Let(for the sake of Reductio ad absurdum) $\mathbf{F}_d=\nabla\varphi$.
Consider an arbitrary curve which is parameterized by the position vector $\mathbf{r}(t)=<x(t),y(t)>$.
consider that our particle is moving on that curve.

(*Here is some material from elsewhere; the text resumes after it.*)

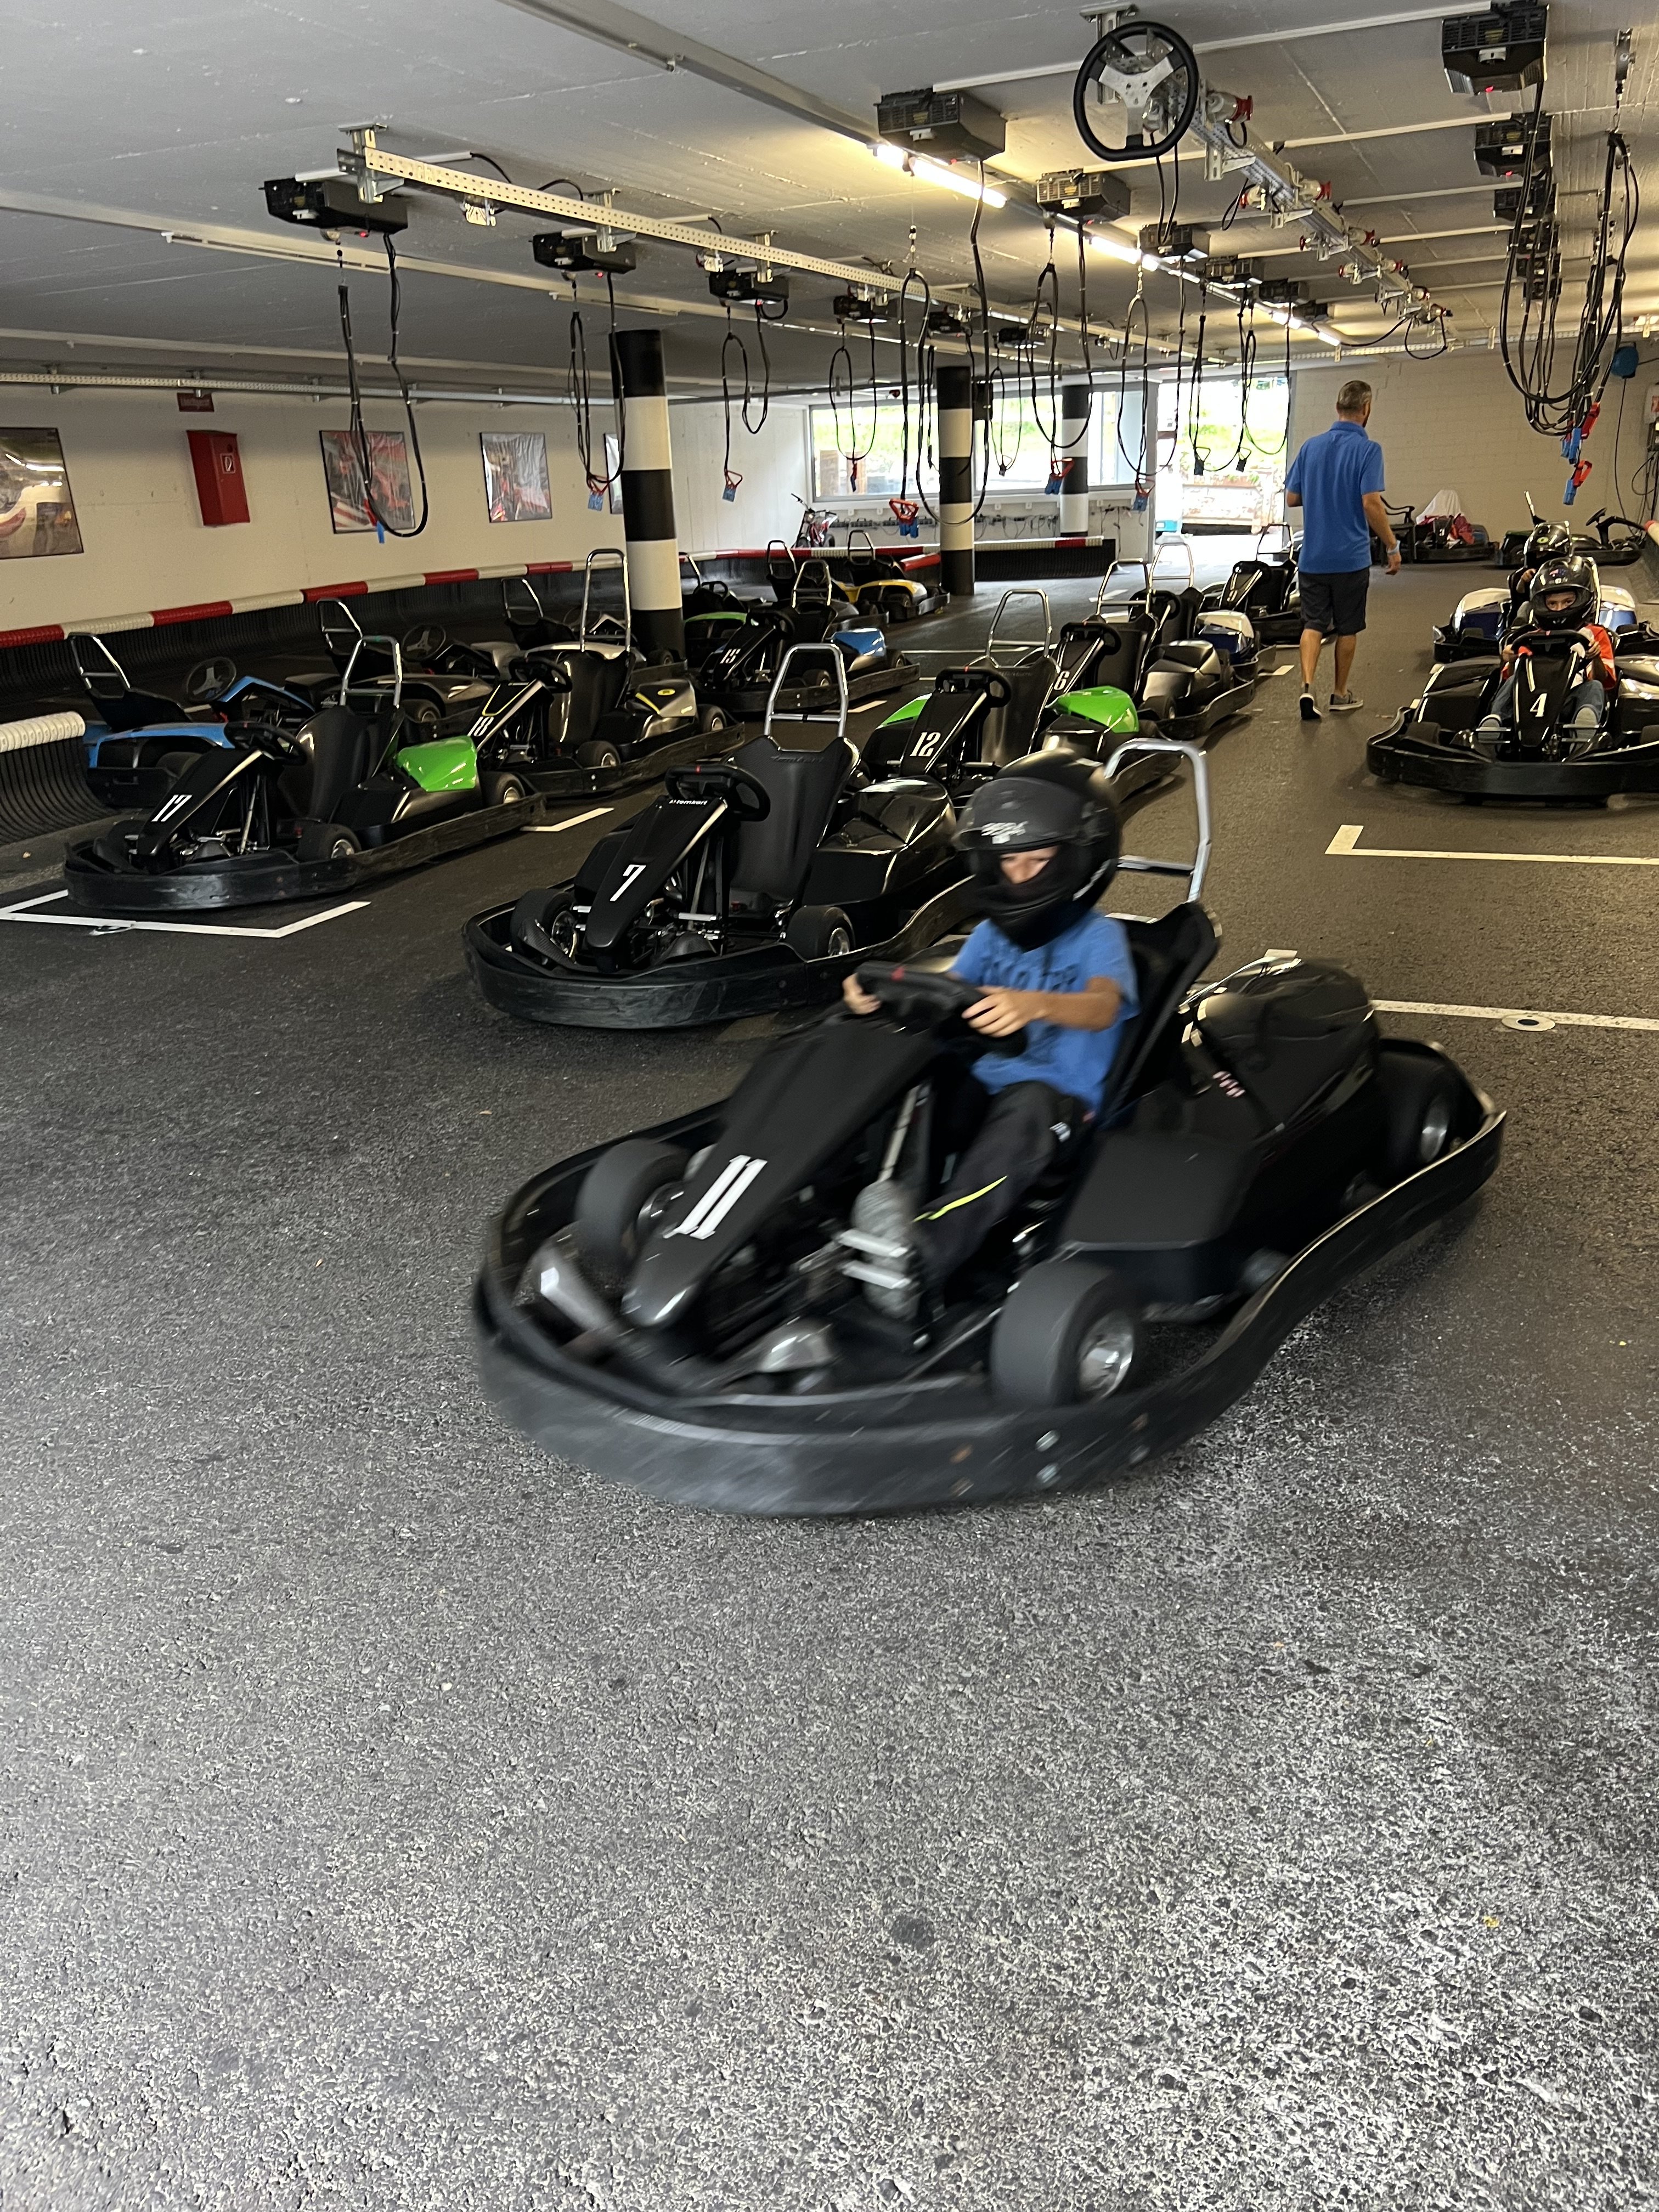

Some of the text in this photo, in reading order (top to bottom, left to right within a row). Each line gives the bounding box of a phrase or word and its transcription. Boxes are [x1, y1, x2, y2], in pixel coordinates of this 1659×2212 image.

Therefore $\mathbf{F}_d$ by definition is given by:
$$\mathbf{F}_d=<-b\dfrac{dx(t)}{dt},-b\dfrac{dy(t)}{dt}>.$$
And let $\nabla\varphi$ be given by : $<\dfrac{\partial \varphi }{\partial x},\dfrac{\partial \varphi }{\partial y}>$ From our hypothesis $\mathbf{F}_d=\nabla\varphi$ We have that:
$$\varphi(x,y)=\int -b\dfrac{dx(t)}{dt} dx = \int -b\dfrac{dy(t)}{dt} dy. $$
Assuming that our functions are well-behaved then we get:
$$\varphi=-b( x\dfrac{dx}{dt} + y\dfrac{dy}{dt} ).$$
So Although I expected that I'd arrive at some contradiction I did not, In a sense I proved that $\mathbf{F}_d$ is conservative (Although it's not!)
So what possibly I did wrong?